Streets for Living, Ben Plowden
What are streets for? Ben Plowden considers the answer to this apparently odd question, which has major implications for policy and practice in urban planning, design and transport. It affects how money is spent, how space is allocated and how professionals are trained. Above all, it affects the design, construction and management of streets and public spaces. This in turn has a profound impact on local quality of life.
For thousands of years, streets and public spaces have done many jobs. They have been social spaces, places where you met friends or neighbours or mixed with strangers. They have been the venue for romance, from La Passegiata in Mediterranean countries to the tradition of promenading in 18th Century England. Streets and squares have played host to markets and fairs, demonstrations, marches, rallies, riots or revolutions. Streets have been places for stopping and resting, eating and drinking, celebration and mourning. And they have been places where both adults and children have played.
Streets have also been places for movement. People walking, riding horses and later bicycles, or travelling in coaches and buses. And goods being carried on people's backs, by horse and cart or lorry.
The car effect
For most of human history, all these different functions could be fulfilled simultaneously in the same space. But the arrival of mass car ownership and the dawn of the Motor Age transformed the character of roads and streets. The movement of cars and lorries has become their primary function. Motorised traffic has literally driven out all the other jobs streets used to do. What the Danish architect Jan Gehl describes as the 'life between buildings' has been ruthlessly suppressed.

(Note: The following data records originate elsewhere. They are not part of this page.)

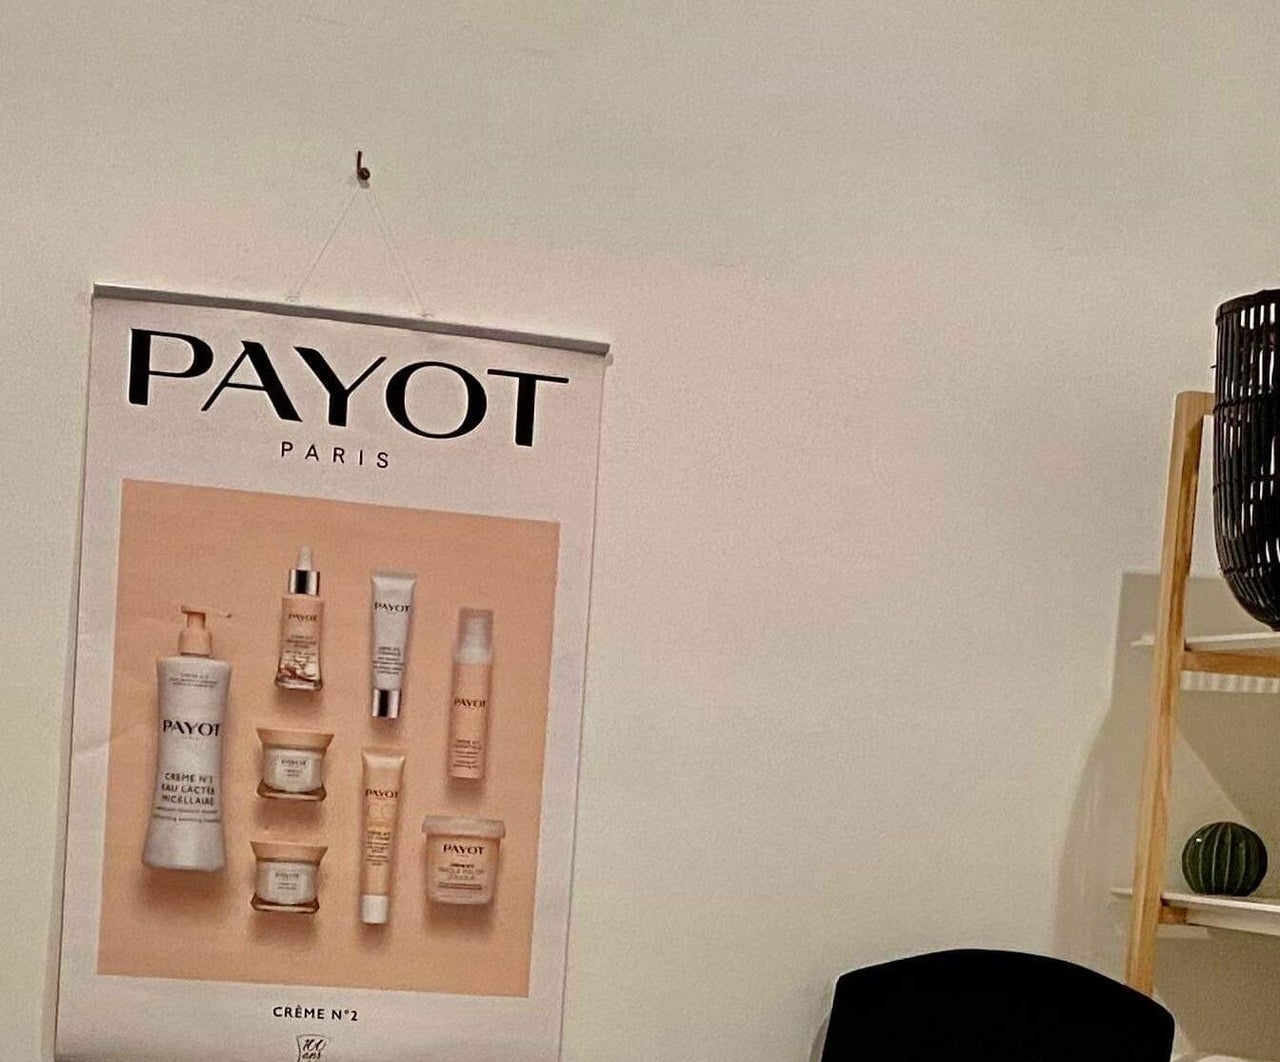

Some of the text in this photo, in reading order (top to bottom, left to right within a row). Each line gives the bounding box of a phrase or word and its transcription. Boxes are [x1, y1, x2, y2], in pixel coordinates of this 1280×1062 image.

[128, 327, 570, 447] PAYOT
[280, 440, 390, 468] PARIS
[374, 601, 411, 612] PAYOT
[163, 719, 221, 737] PAYOT
[443, 844, 486, 855] PAYOT
[272, 1004, 358, 1021] CRÈME N°2

The new primacy of the traffic function of streets has had a number of effects. Villages, towns and cities have been reconstructed to accommodate cars and lorries. Roads have been widened, junctions re-modelled and space given over to moving and stationary traffic. Neighbourhoods have been levelled for roads and car parks. New housing estates, business parks and supermarkets are planned and built on the assumption that their residents, employees and shoppers will be using a car. The resulting low density, single use developments on greenfield sites make meaningful public interaction almost impossible. The needs of people not in cars and lorries, notably pedestrians and cyclists, have taken second place to those of drivers.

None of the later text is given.